11/01/2016 02:41 IceyNachos#1
I am wanting to buy sql injection protection for my server add me
skype live:vexmega
11/01/2016 09:04 EEOI#2
You dont need to buy stuff like that.
SQL injection is a kind of website attack, if you have a website like the cms you are safe.
11/02/2016 07:51 Polish™#3
Quote:
Originally Posted by EEOI View Post
You dont need to buy stuff like that.
SQL injection is a kind of website attack, if you have a website like the cms you are safe.
Toxic's cms doesnt have sql injection o.O
11/02/2016 19:15 PizzaGuy#4
Make sure MySQL is listening on localhost which prevents outside connections. From there as long as your website is secure with a sanitization function to ensure input is clean w/ preferably the use of PDO, then you're safe.
11/03/2016 14:52 Ih˘săs123#5
Quote:
Originally Posted by PizzaGuy View Post
Make sure MySQL is listening on localhost which prevents outside connections.
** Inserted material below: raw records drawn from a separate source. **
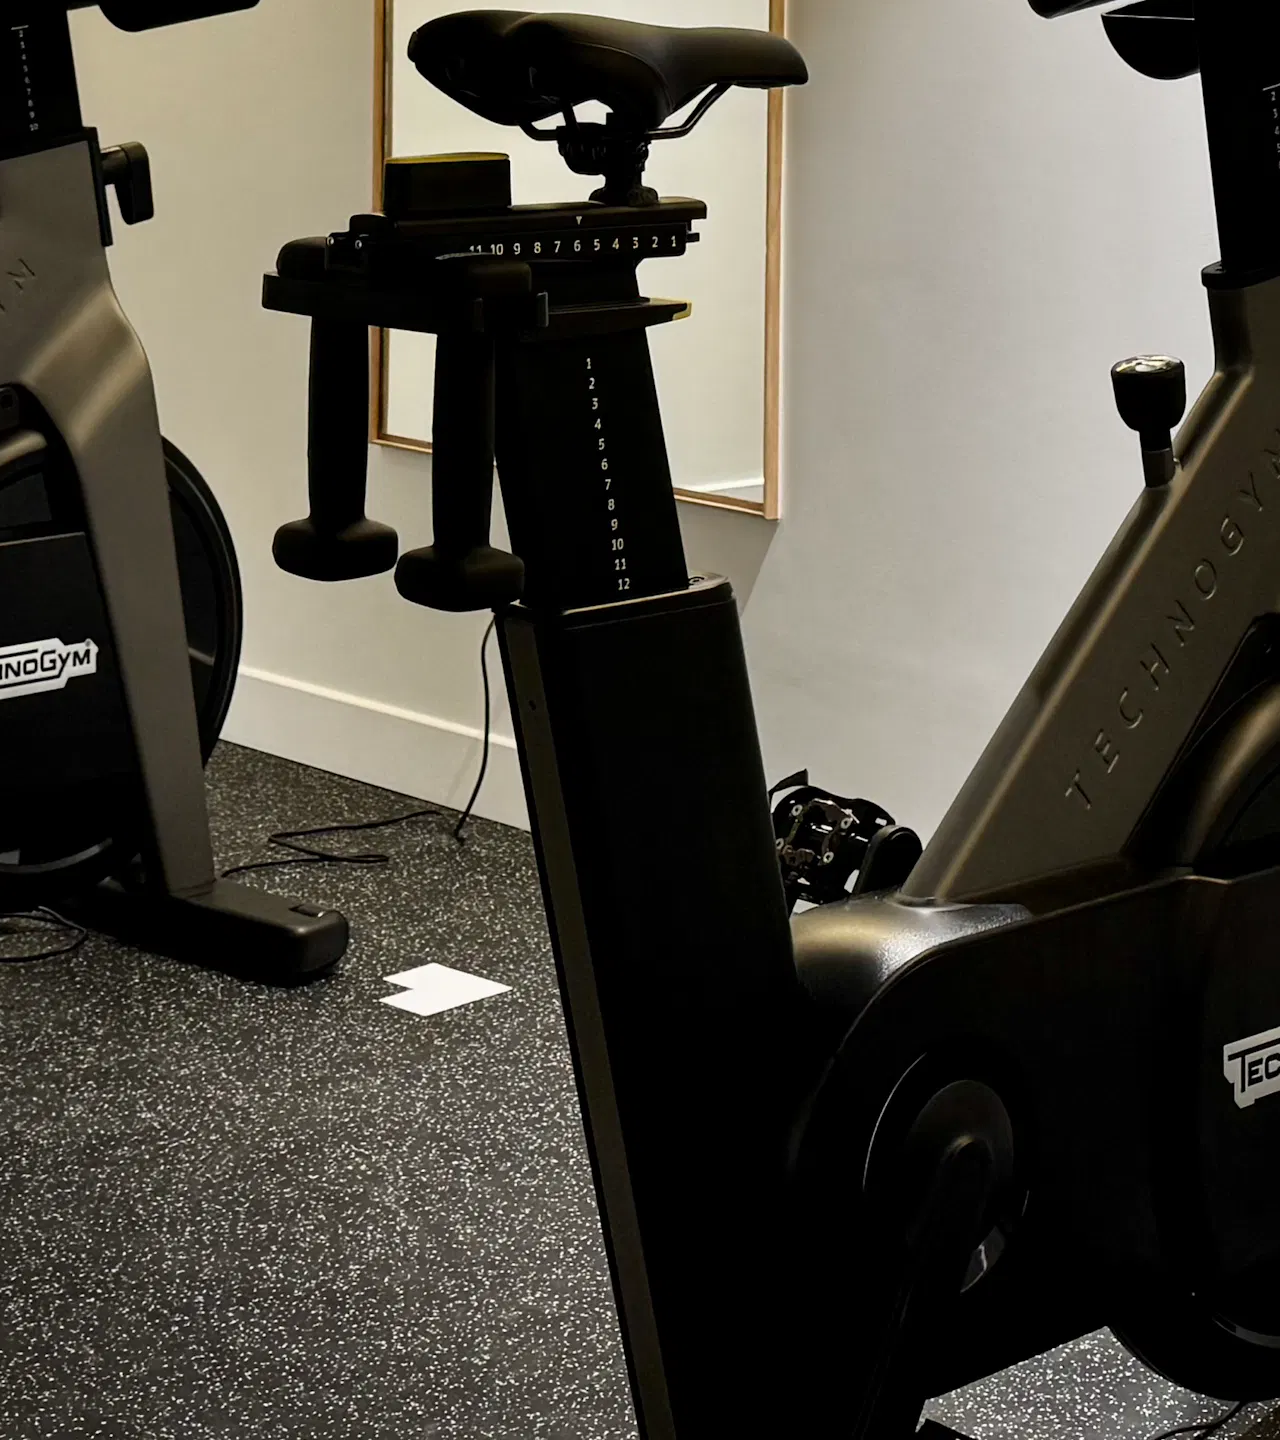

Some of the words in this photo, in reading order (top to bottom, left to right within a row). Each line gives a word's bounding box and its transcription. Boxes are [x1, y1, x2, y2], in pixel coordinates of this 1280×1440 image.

[490, 243, 504, 255] 10
[513, 243, 521, 255] 9
[533, 242, 541, 254] 8
[554, 241, 561, 253] 7
[573, 240, 581, 252] 6
[593, 239, 601, 251] 5
[612, 238, 620, 250] 4
[632, 237, 639, 249] 3
[652, 236, 659, 248] 2
[671, 235, 677, 247] 1
[586, 357, 592, 370] 1
[588, 377, 595, 390] 2
[592, 397, 599, 410] 3
[594, 418, 602, 430] 4
[598, 438, 605, 450] 5
[601, 458, 608, 470] 6
[604, 478, 612, 491] 7
[607, 498, 615, 511] 8
[611, 518, 618, 531] 9
[611, 538, 624, 551] 10
[614, 558, 626, 571] 11
[618, 578, 631, 591] 12
From there as long as your website is secure with a sanitization function to ensure input is clean w/ preferably the use of PDO, then you're safe.
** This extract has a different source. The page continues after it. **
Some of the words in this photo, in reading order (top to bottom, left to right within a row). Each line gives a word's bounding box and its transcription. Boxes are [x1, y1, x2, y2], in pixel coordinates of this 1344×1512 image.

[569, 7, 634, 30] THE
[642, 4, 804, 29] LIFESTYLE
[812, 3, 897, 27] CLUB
Nope, its no problem to use a user with remote connection, you can insert, delete, update with a local user like a remote user... better way is to set permissions for users 4 tables.
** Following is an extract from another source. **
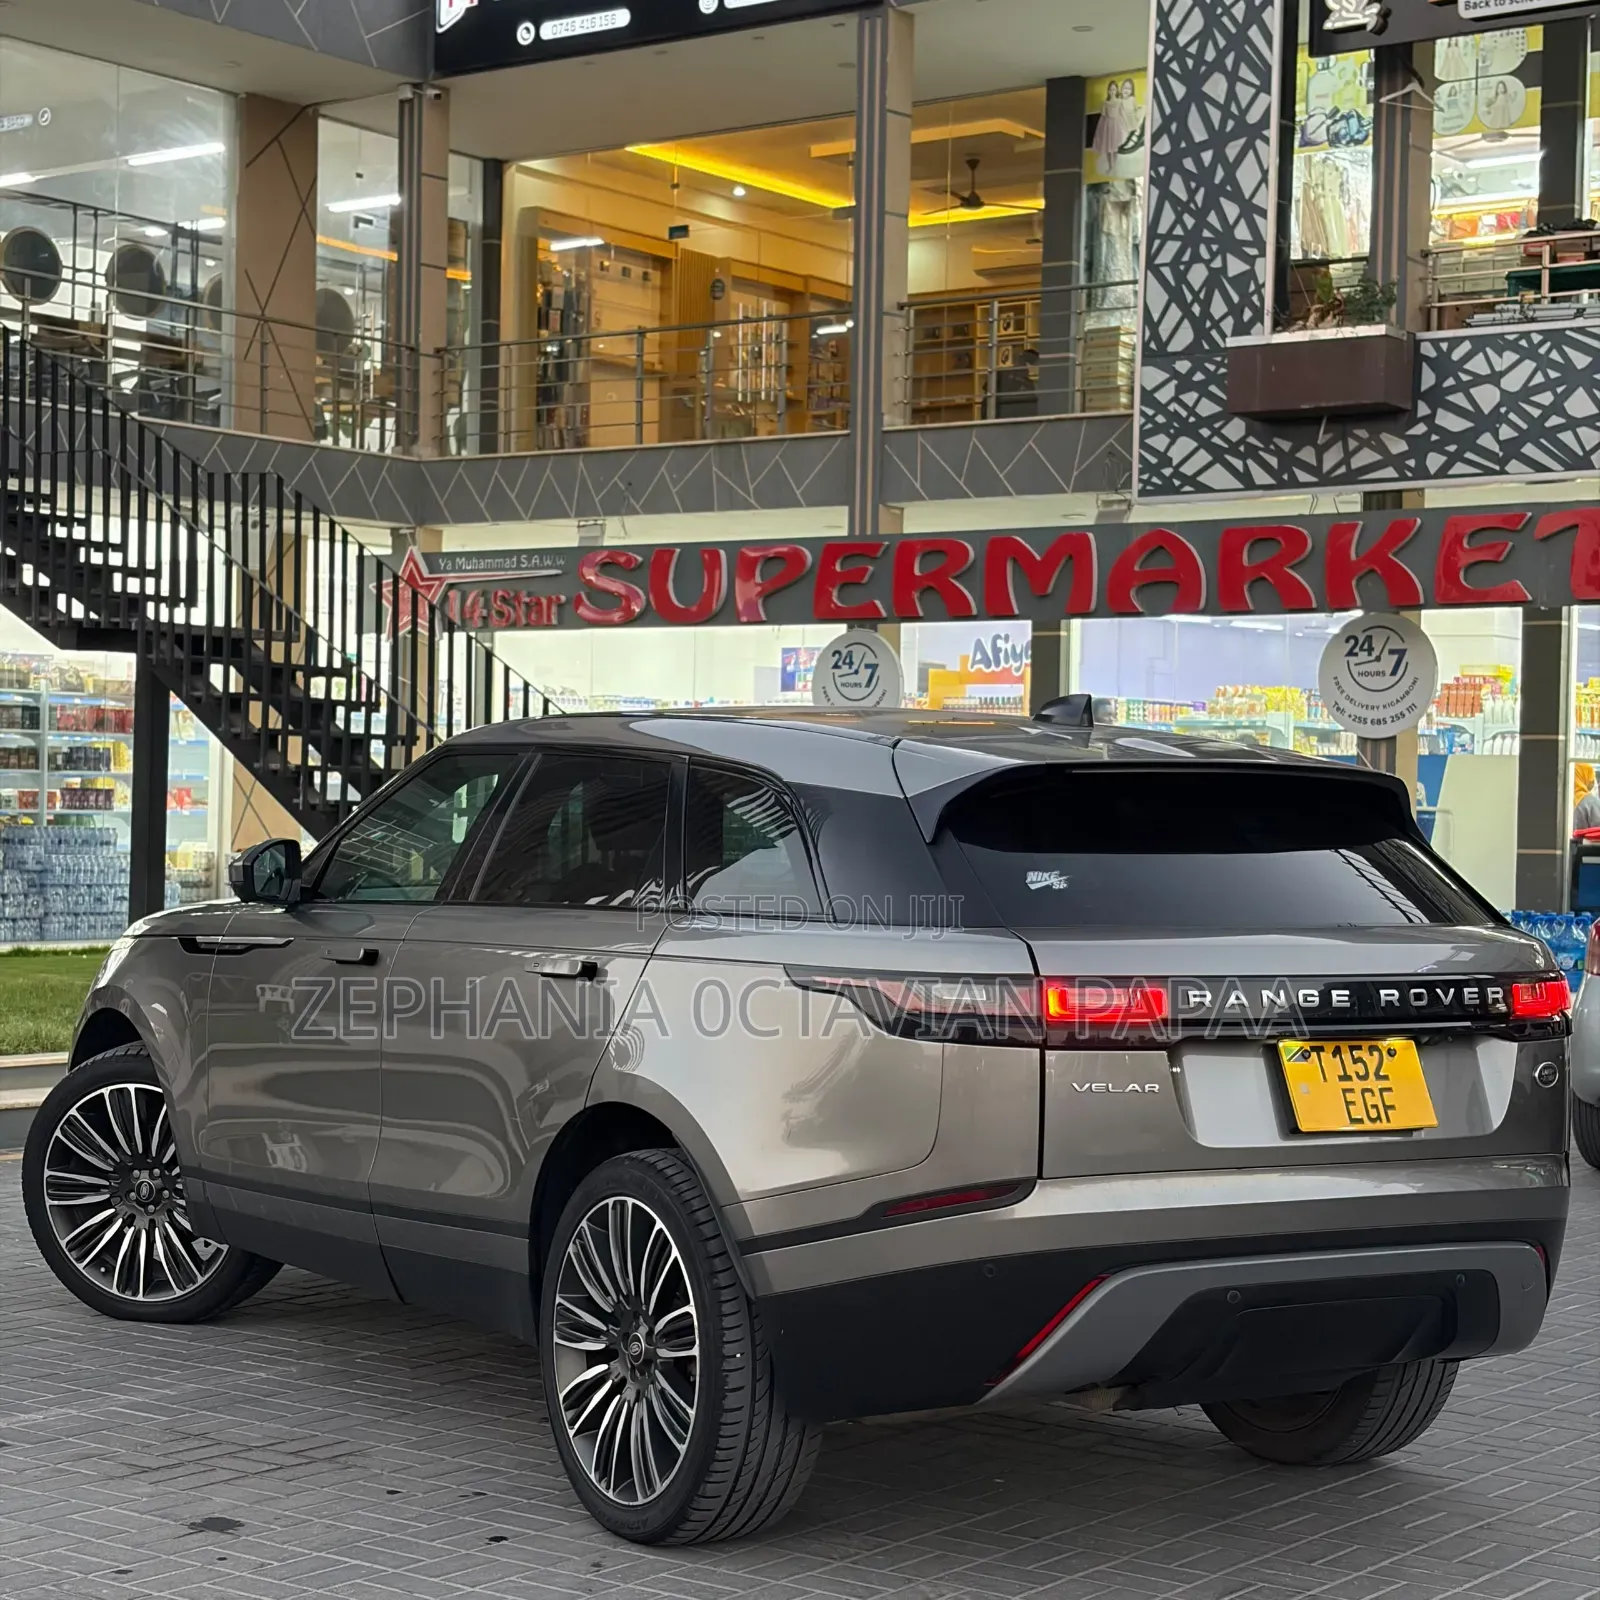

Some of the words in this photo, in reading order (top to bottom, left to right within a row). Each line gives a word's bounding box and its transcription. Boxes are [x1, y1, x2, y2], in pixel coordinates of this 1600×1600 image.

Use mysqli to connect, pdo is simple too but with mysqli you can replace the mysql connect with this function 1:1.
Do a whitelist for inputs.
11/03/2016 17:18 Wizatek#6
PDO > mysqli
11/03/2016 21:53 PizzaGuy#7
Quote:
Originally Posted by Ih˘săs123 View Post
Nope, its no problem to use a user with remote connection, you can insert, delete, update with a local user like a remote user... better way is to set permissions for users 4 tables.

Use mysqli to connect, pdo is simple too but with mysqli you can replace the mysql connect with this function 1:1.
Do a whitelist for inputs.
The MySQL server doesn't establish a remotely connectable socket when it's bound to localhost. When that is done there is no communicating with MySQL other than locally. You cannot remote into MySQL and control it remotely when it's bound to localhost. So unless you have root access to the server or have abused the web server or web script, you'll never gain access to the database server. Which can be tough for management but it's bulletproof secure. I would also stick to PDO and binding.
11/07/2016 12:00 Ih˘săs123#8
Quote:
Originally Posted by wizatek View Post
PDO > mysqli
Named parameter, but mysqli is a little bit faster qqq.

I like speed, so PDO < mysqli for me.